• [Task to carry out]
An exact copy of the listing below is the answer, with the pictures removed.

>>>>>

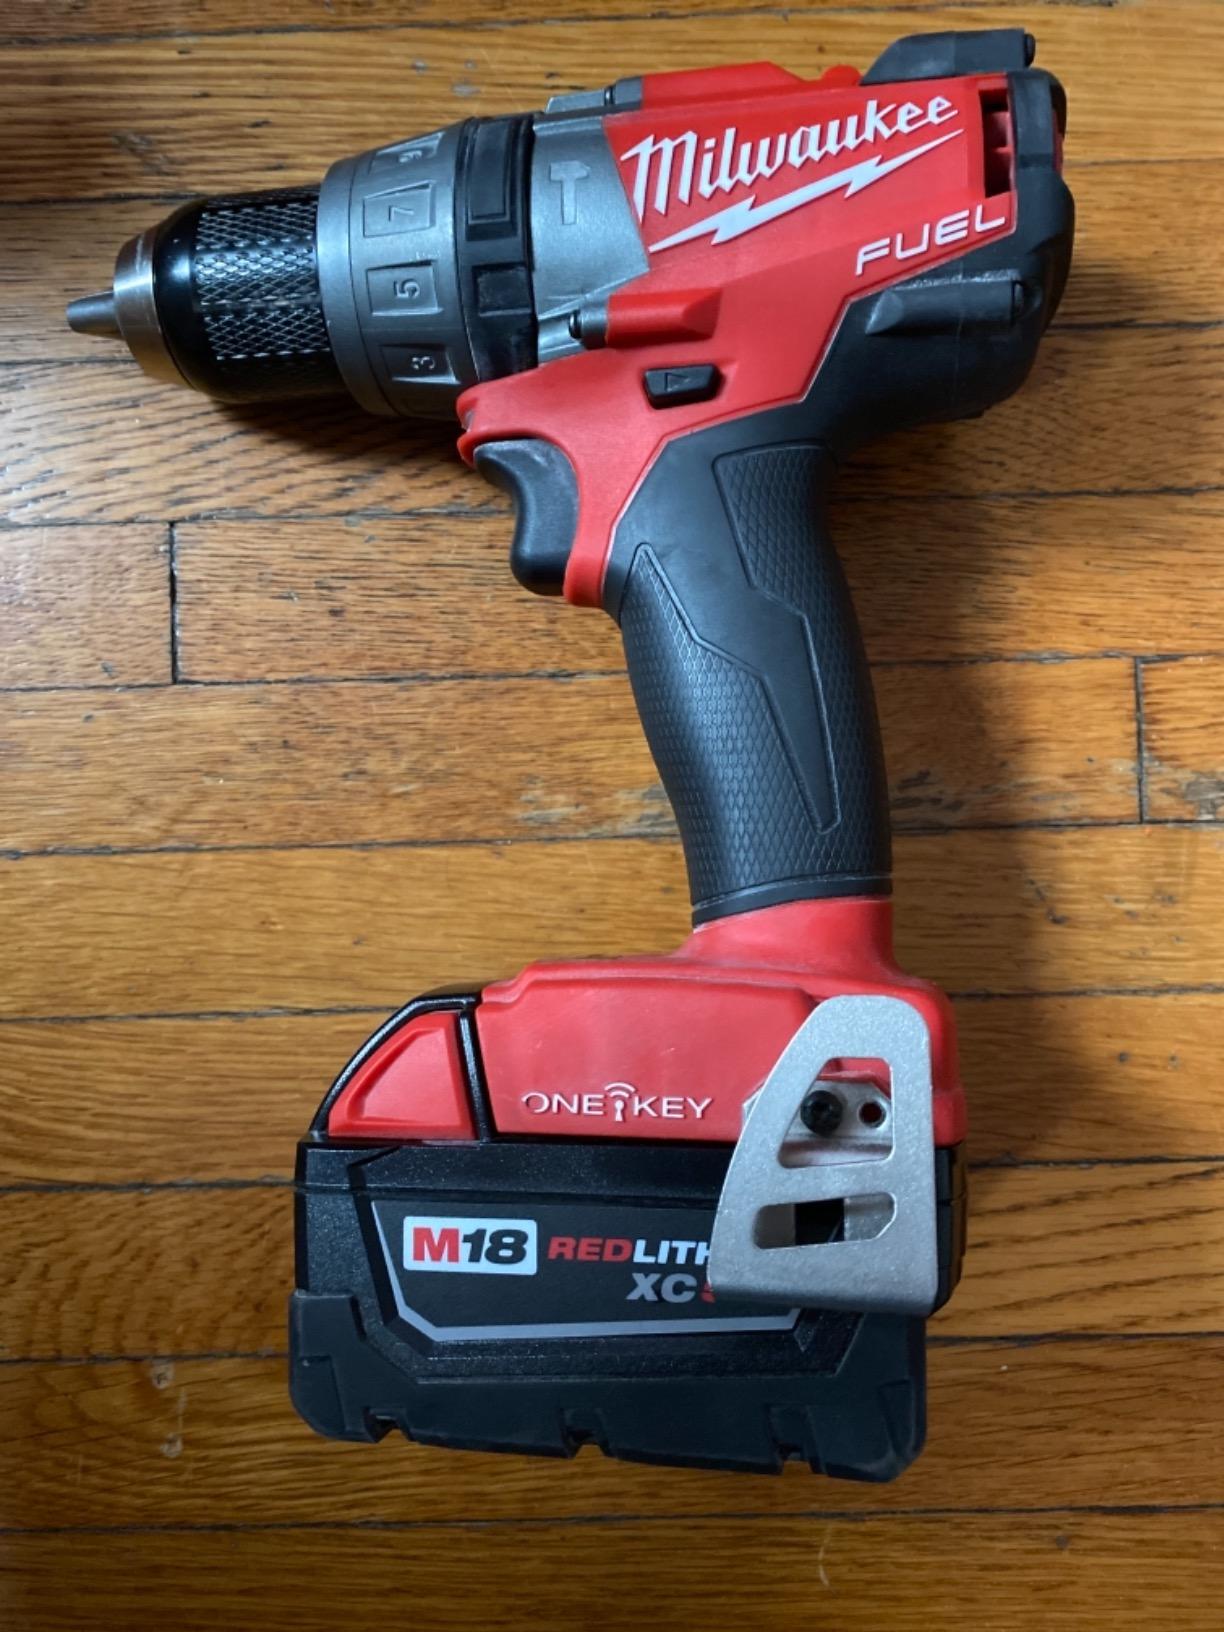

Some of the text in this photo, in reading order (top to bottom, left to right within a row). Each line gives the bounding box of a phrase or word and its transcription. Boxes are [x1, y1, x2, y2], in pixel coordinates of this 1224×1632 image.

[620, 96, 958, 223] Milwaukee
[388, 205, 415, 222] 7
[855, 205, 1006, 275] FUEL
[394, 278, 420, 298] 5
[411, 355, 436, 371] 3
[412, 1227, 529, 1266] M18
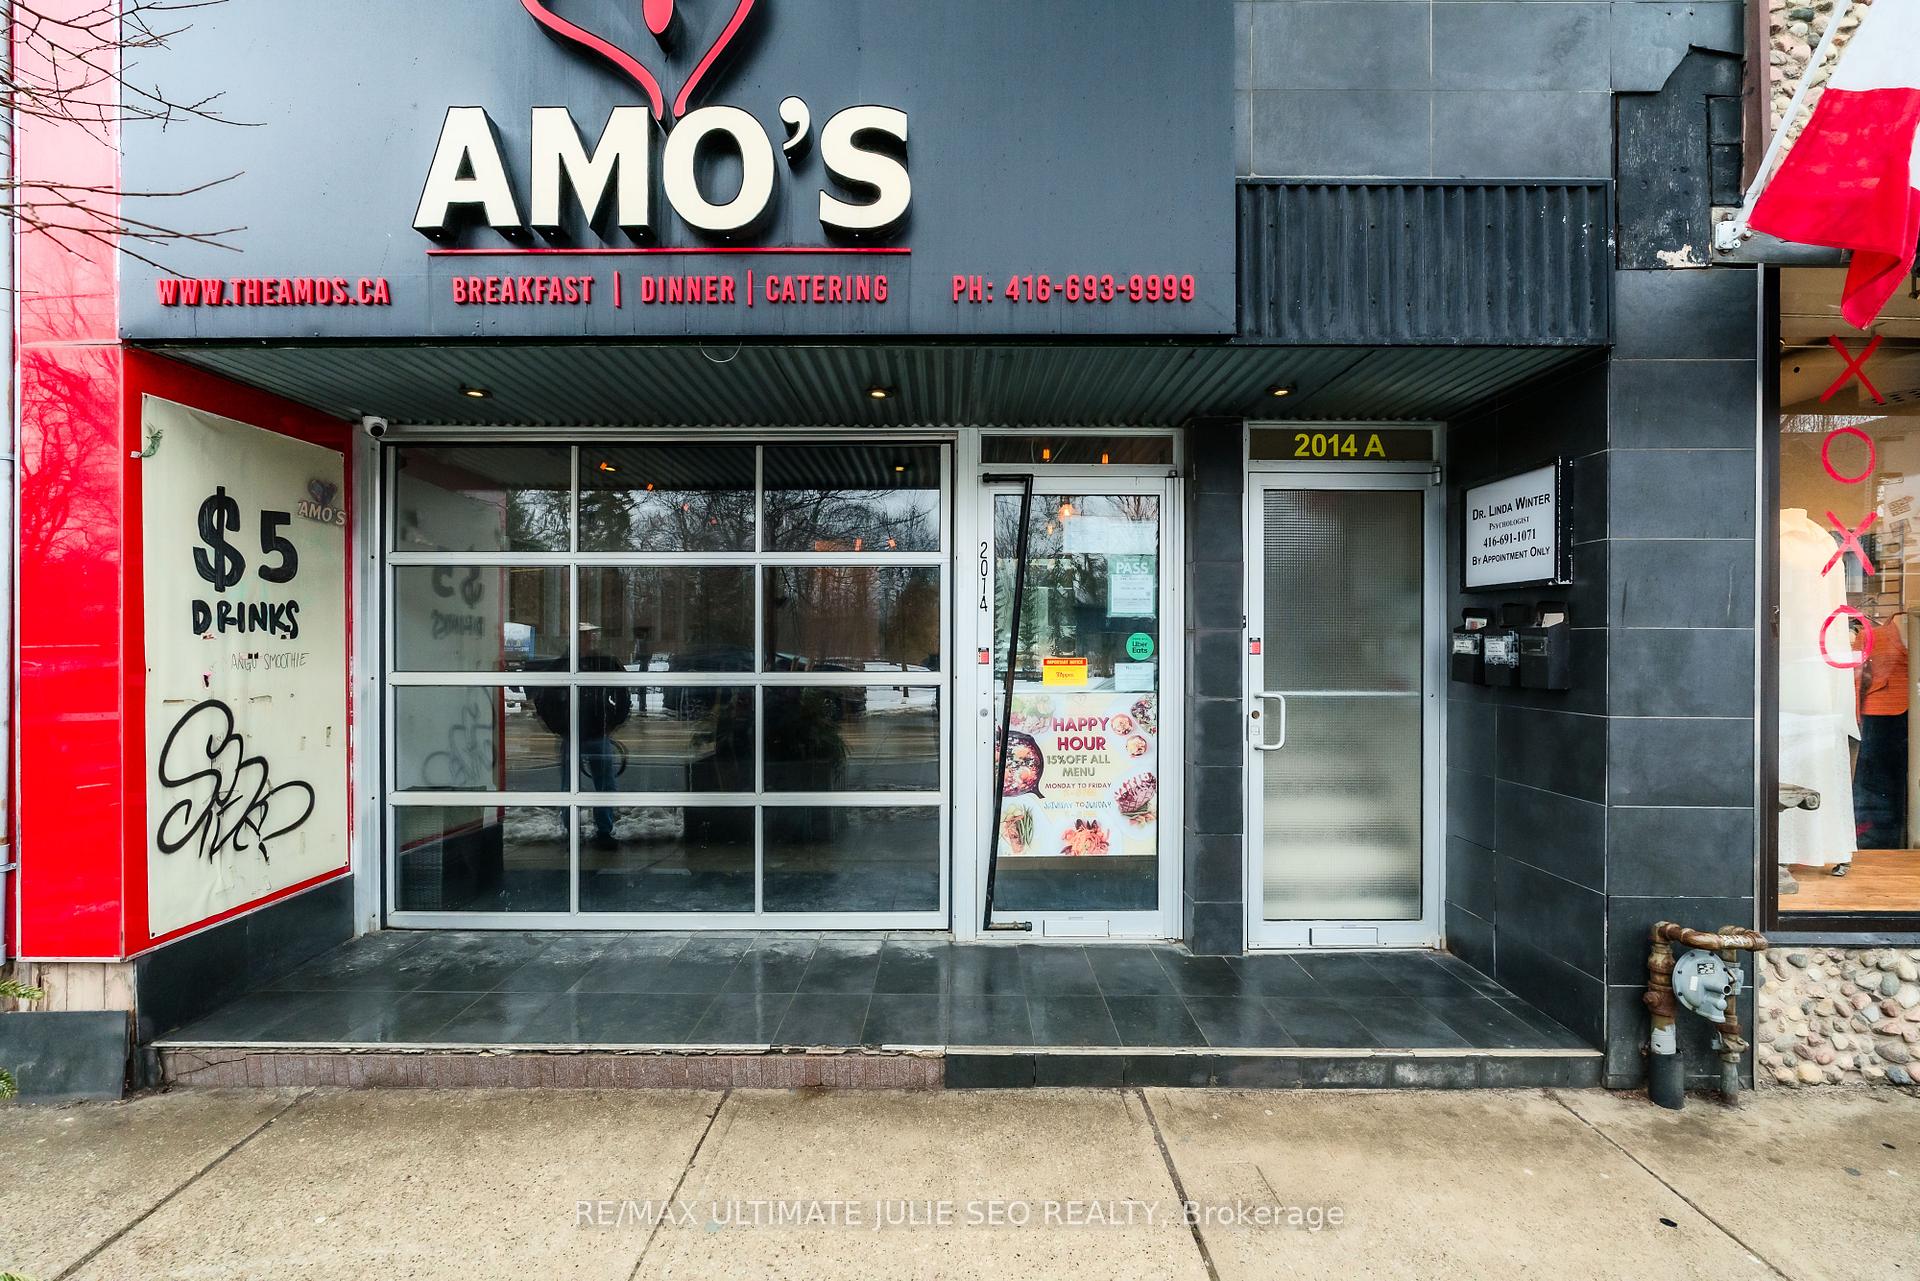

<<<<<

• [Exercise answer]
Some of the text in this photo, in reading order (top to bottom, left to right within a row). Each line gives the bounding box of a phrase or word and its transcription. Boxes are [x1, y1, x2, y2], in pixel coordinates of this 1224×1632 image.

[620, 96, 958, 223] Milwaukee
[388, 205, 415, 222] 7
[855, 205, 1006, 275] FUEL
[394, 278, 420, 298] 5
[411, 355, 436, 371] 3
[412, 1227, 529, 1266] M18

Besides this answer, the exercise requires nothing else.